La colonie pénitentiaire de Belle-Ile en mer a accueilli des enfants de 1880 à 1977. Aujourd’hui, l’association La Colonie a pour projet de collecter les témoignages, les documents et les traces de cette histoire belliloise. Elle souhaite créer sur le site de l’ancienne institution pénitentiaire un lieu ouvert au public qui raconte l’histoire de ces enfants, fragment de l’histoire de Belle-Ile et de celle de la justice française du XXème siècle.
Les Archives départementales d’Ille-et-Vilaine invitent à plusieurs événements autour de « Justice(s) et Enfermement(s) » du 2 au 5 décembre prochains.
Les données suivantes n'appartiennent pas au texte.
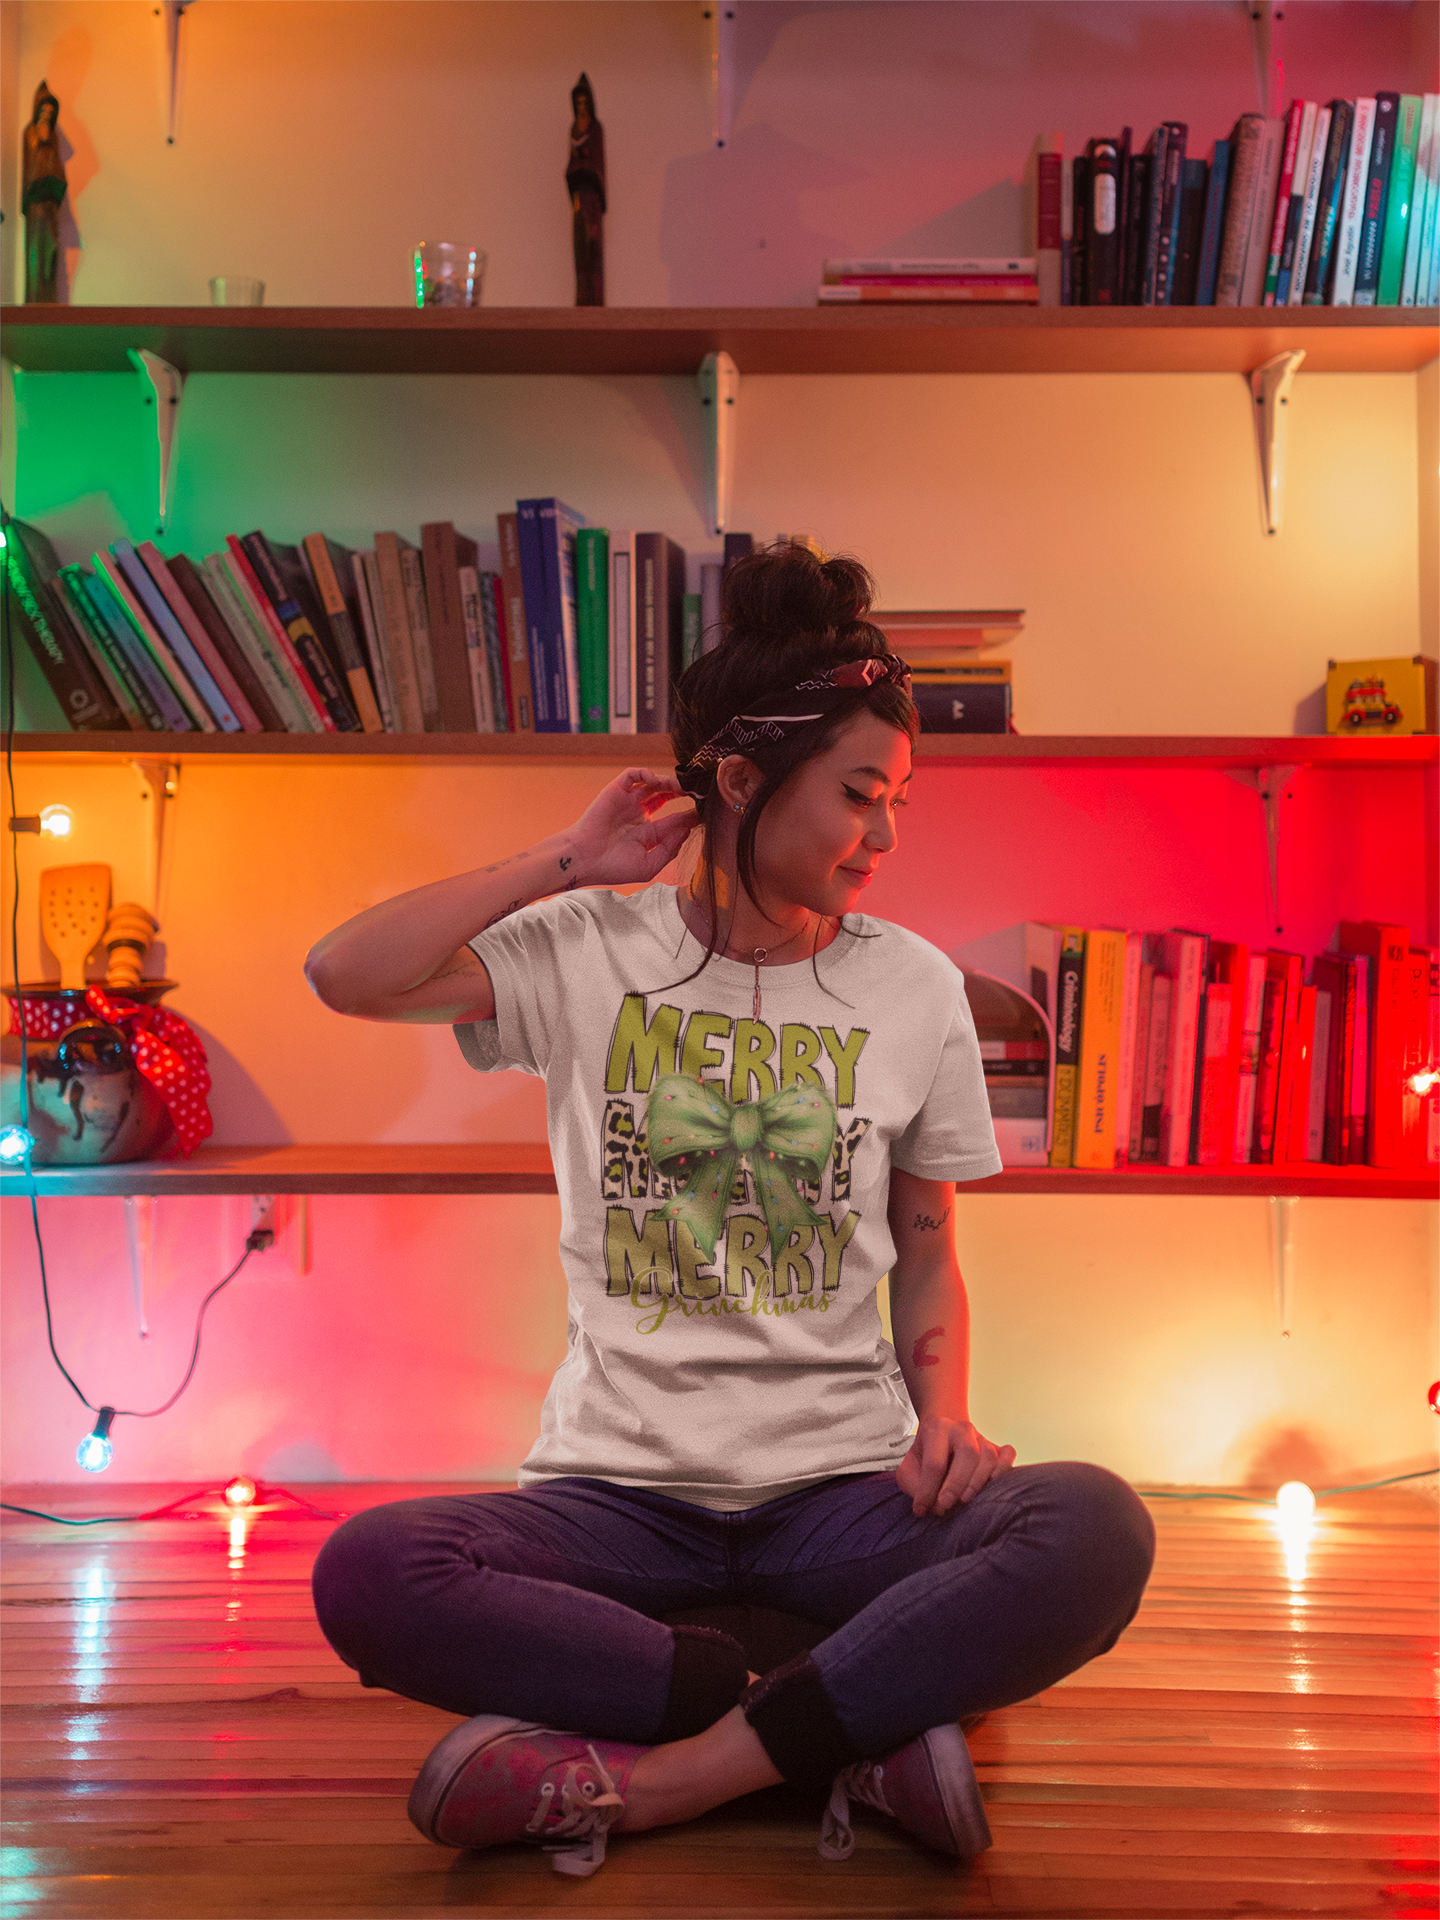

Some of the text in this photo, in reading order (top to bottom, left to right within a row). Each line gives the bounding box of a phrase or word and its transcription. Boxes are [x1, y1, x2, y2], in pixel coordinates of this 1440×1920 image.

Pendant 4 jours, des personnalités de tous horizons viendront présenter, à l’auditorium des Archives départementales, des actions, travaux, films, projets, relatifs à la protection judiciaire de la jeunesse et son ancêtre « l’éducation surveillée », l’insertion ou la réinsertion des personnes placées sous main de justice, ou encore l’enfermement et la place donnée aux voix des personnes enfermées.
• Mercredi 4 et jeudi 5 décembre, à partir de 9h45 Ces deux journées de réflexion visent à interroger et à faire se croiser la pluralité des pratiques de recherche et de médiation autour des voix de l’enfermement, en comparant des démarches (associative, militante, scientifique, archivistique, artistique, journalistique) et des institutions (prison, centre de rétention administrative, hôpital psychiatrique, maison de retraite). Le programme détaillé est disponible ici : https://grem.hypotheses.org/722
• Soirée du 5 décembre (à 18h) auditorium des Archives départementales : projection du documentaire » Feuilles libres » de Pierre-François Lebrun (Simone & Raymond Productions/France Télévisions, 2017) en présence du réalisateur et d’Audrey Guiller, membre de la rédaction du magazine Citad’elles.